It is difficult to find the problem on large-scale production cluster in the paper. The reason for this is that we have found two main causes:

1. Large-scale cluster of the small probability of the single machine failure will increase with the number of machines, resulting in the whole cluster hardware failure rate linear upgrade, and even a variety of failures occur at the same time the probability is greatly increased.

2. The increase in the number of machines will lead to the flying module pressure point shift. In the case of Elastic Computation (ECS), in 300 sets of 600 units, it is found that the original worry of the file system master has not become a QPS bottleneck, responsible for locking the file coordination of the naming service is the first bottleneck.
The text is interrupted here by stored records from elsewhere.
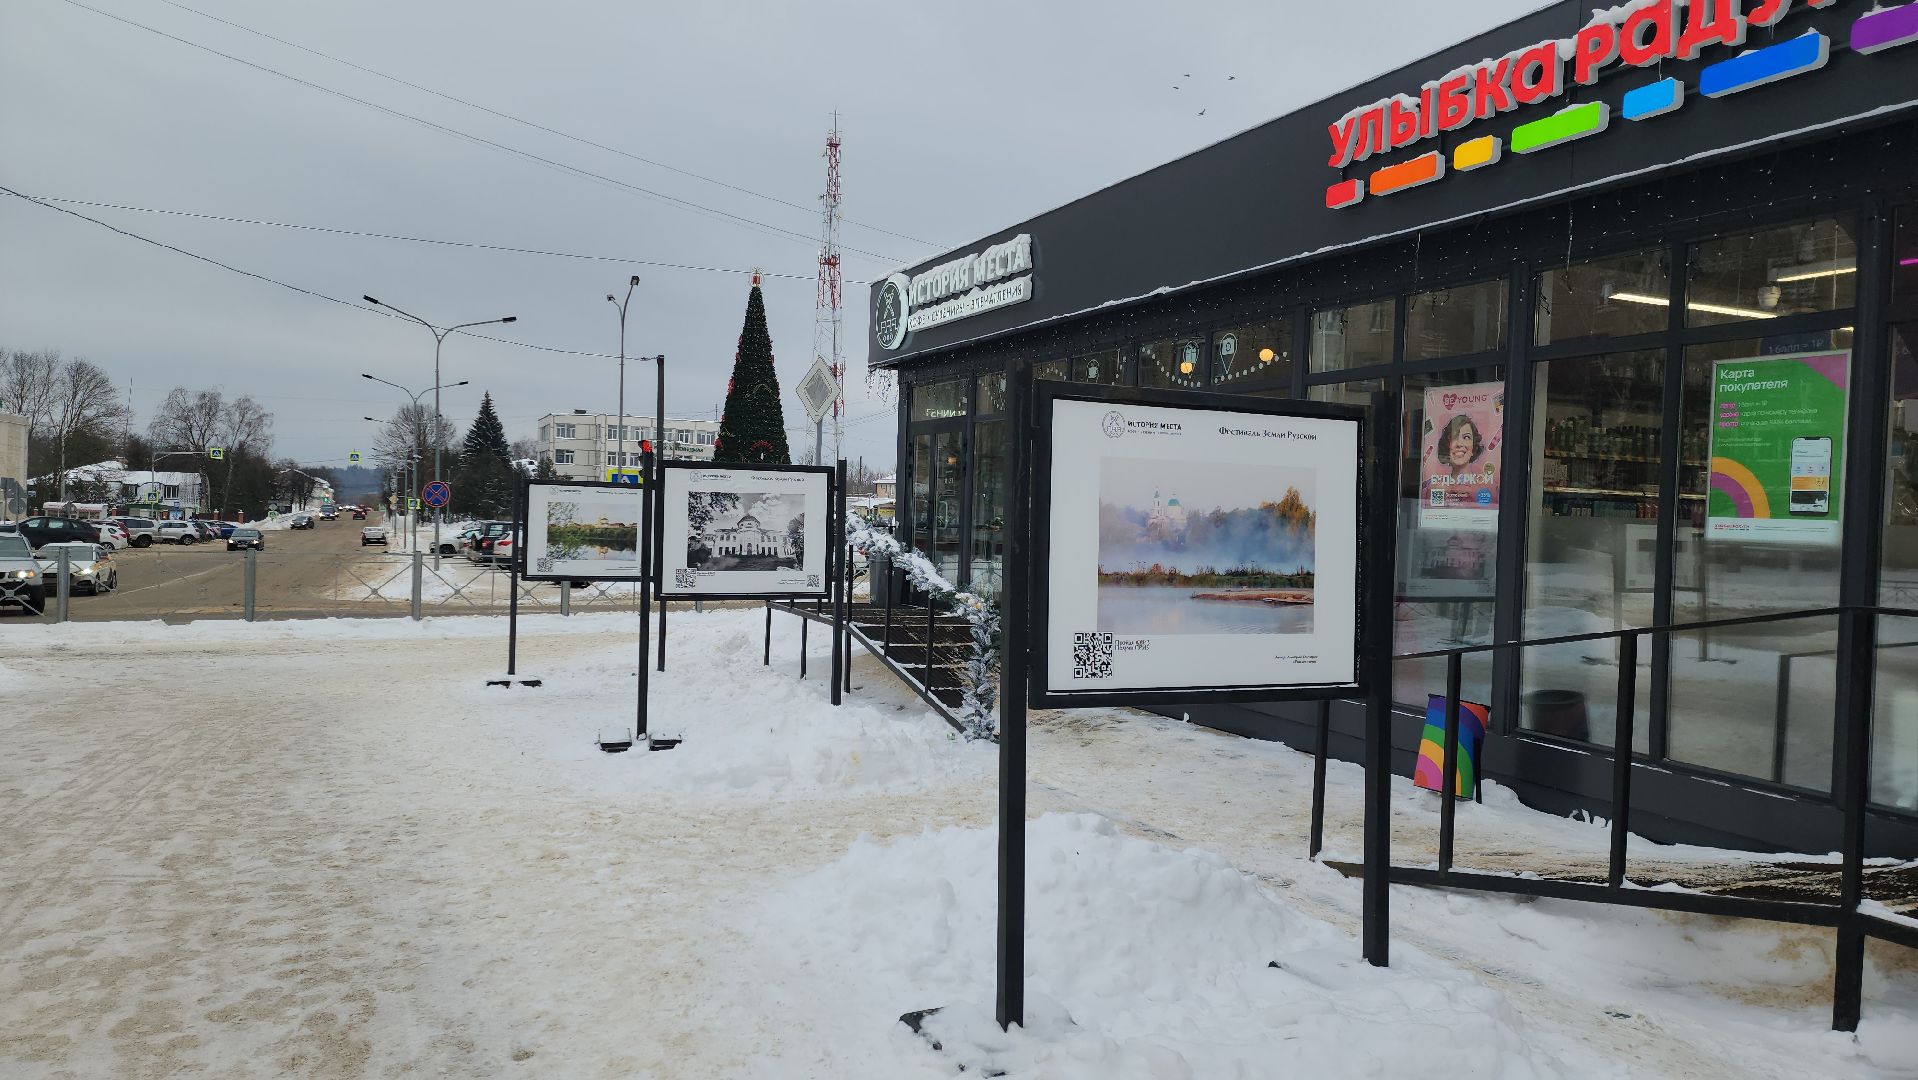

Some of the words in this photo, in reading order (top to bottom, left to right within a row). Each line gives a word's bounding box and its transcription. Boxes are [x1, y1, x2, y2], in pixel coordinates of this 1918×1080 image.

[908, 265, 971, 307] ИСТОРИЯ
[973, 242, 1026, 284] МЕСТА
[1720, 369, 1755, 381] Карта
[1719, 379, 1789, 394] покупателя
[1457, 394, 1489, 404] YOUNG
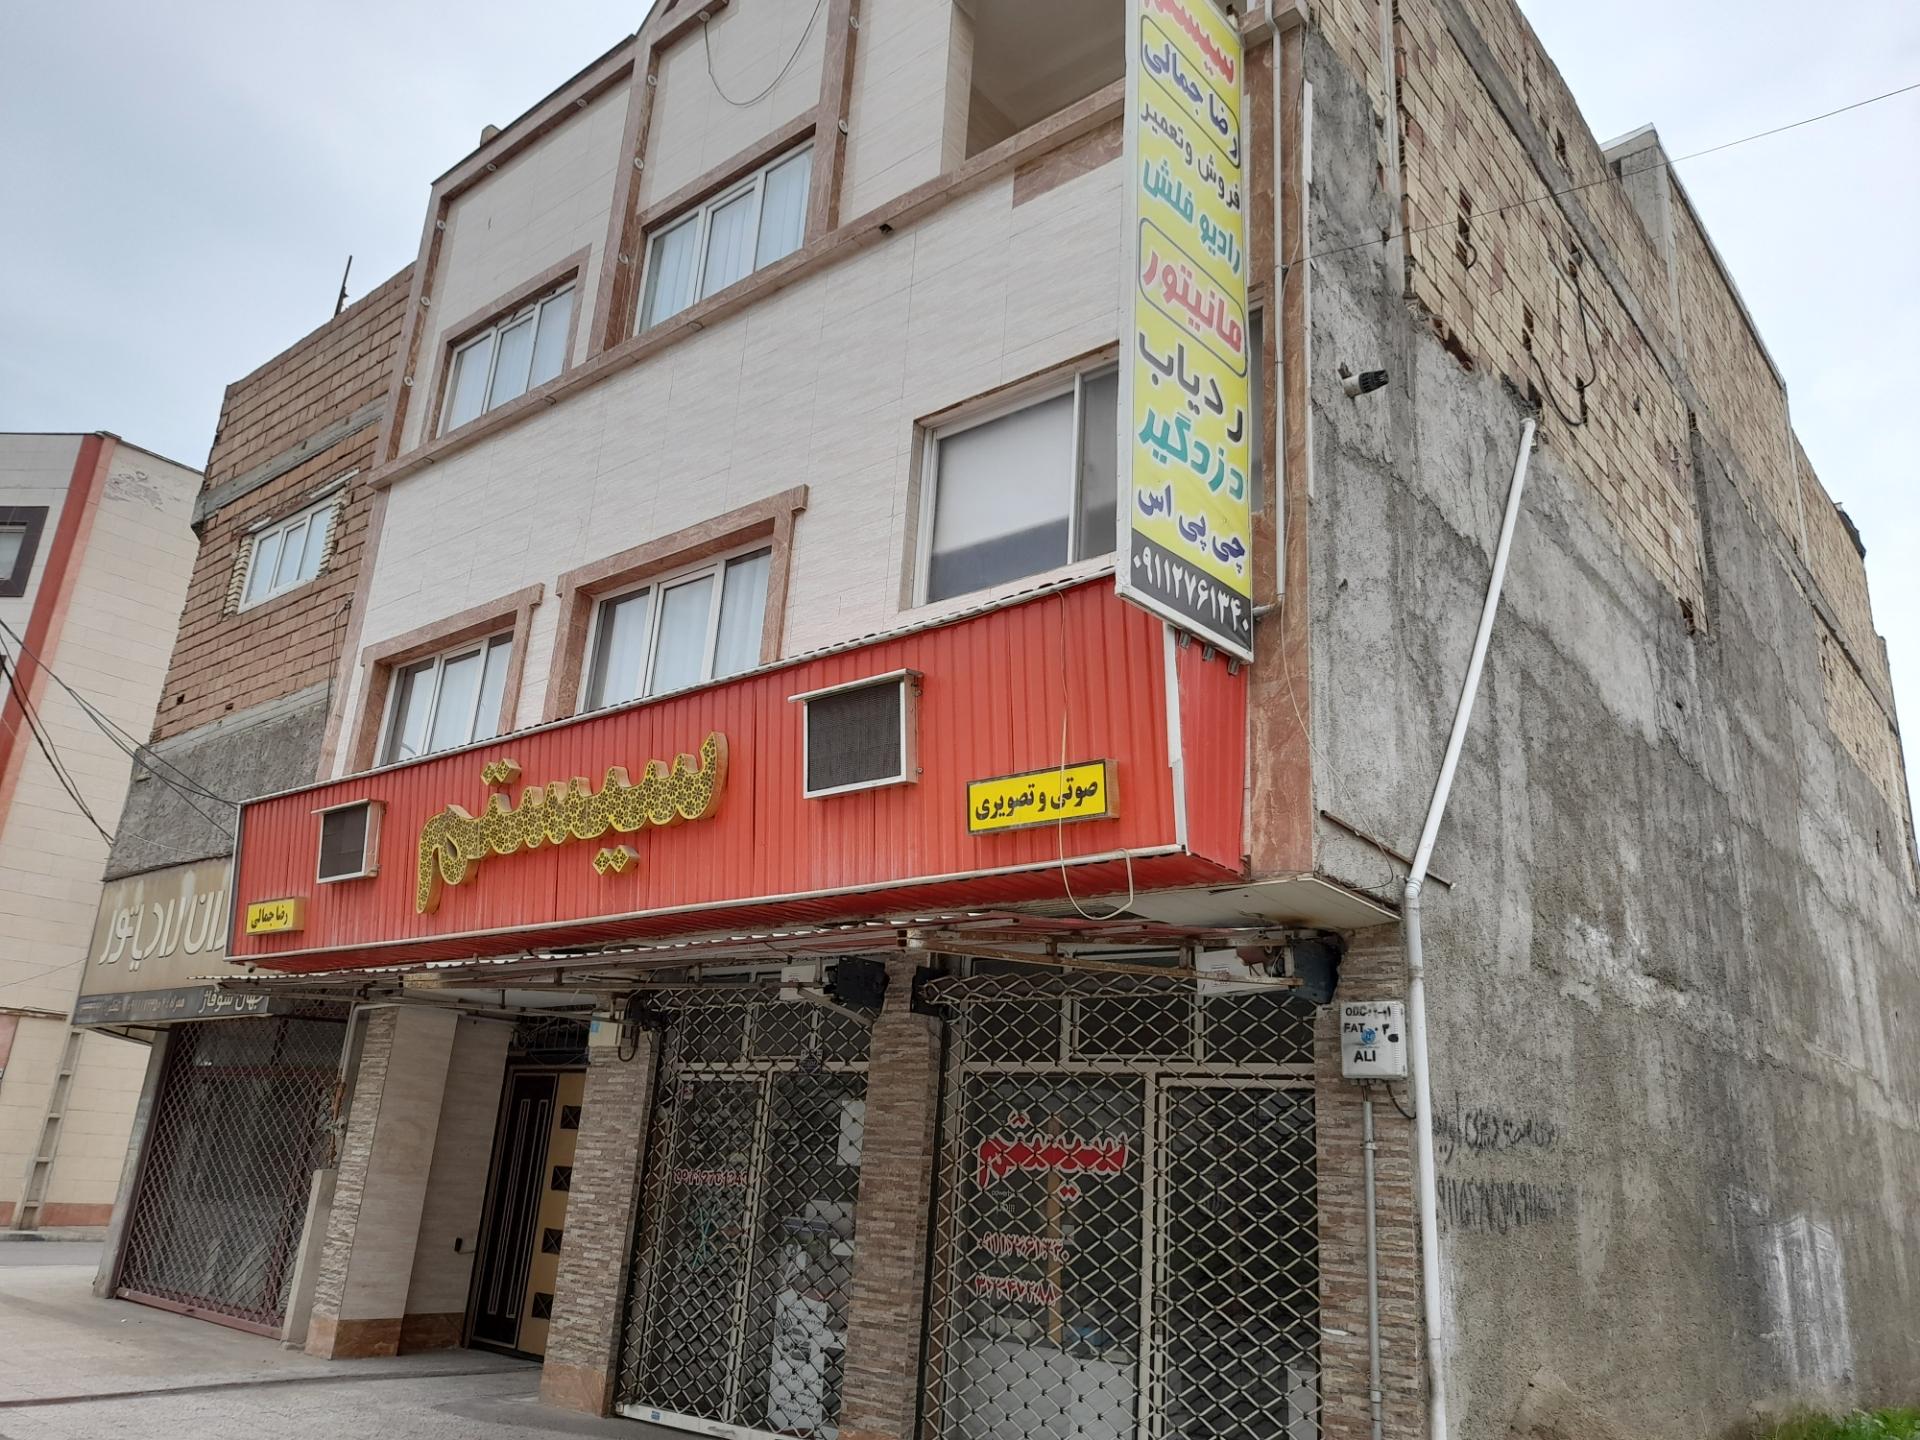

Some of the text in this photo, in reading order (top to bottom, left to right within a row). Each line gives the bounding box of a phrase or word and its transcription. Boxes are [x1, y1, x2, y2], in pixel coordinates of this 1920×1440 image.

[1140, 102, 1185, 142] تعمیر
[1143, 43, 1238, 159] رضا جمالی
[1142, 158, 1241, 275] رادیو فلش
[1197, 153, 1241, 211] فروش
[1142, 250, 1243, 353] مانیتور
[1138, 407, 1245, 501] دزدگیر
[1138, 484, 1172, 517] اس
[1133, 545, 1250, 633] ۰۹۱۱۲۷۶۱۳۴۰
[416, 731, 728, 914] سیستم
[975, 783, 1036, 821] تصویری
[1050, 777, 1099, 810] صوتی
[98, 896, 186, 973] رادیاتور
[250, 904, 289, 930] رضا جمالی
[1353, 1050, 1377, 1063] ALI
[977, 1111, 1129, 1202] سیستم
In addition, the combination of various failures also makes the complete fault-tolerant test in the design and implementation of the cost becomes too large.

In order to solve the above difficulties, in the flying test practice, we gradually accumulated a set of long time stability test scheme with background pressure and stochastic fault simulation.

Background pressure is mainly for the various underlying modules read and write pressure, usually for a class of application scenarios to simulate. Based on the methods of divide-and-conquer and system emulation, we have implemented some lightweight pressure tools, so that the master machines and slave machines of each module receive similar access pressure and connection scale on large-scale production clusters respectively. In addition, some resources, such as cpu,memory,network, are added to simulate the busy production environment, resulting in a tense situation of machine resources. Fault simulation, on the one hand, as rich as possible software tools to simulate hardware failure, for example, disk errors (including bad disks, read-only, etc.), machine downtime, restart, break the network, switch restart, the main module process restart, suspended animation, etc. on the other hand, these fault simulation operations are randomly combined according to pre-set proportions. Under such background pressure and random failure operation, a long time (at least 7x24 hours) to continuously run the upper application simulation program/operation, and through the online monitoring system to check whether flying is normal.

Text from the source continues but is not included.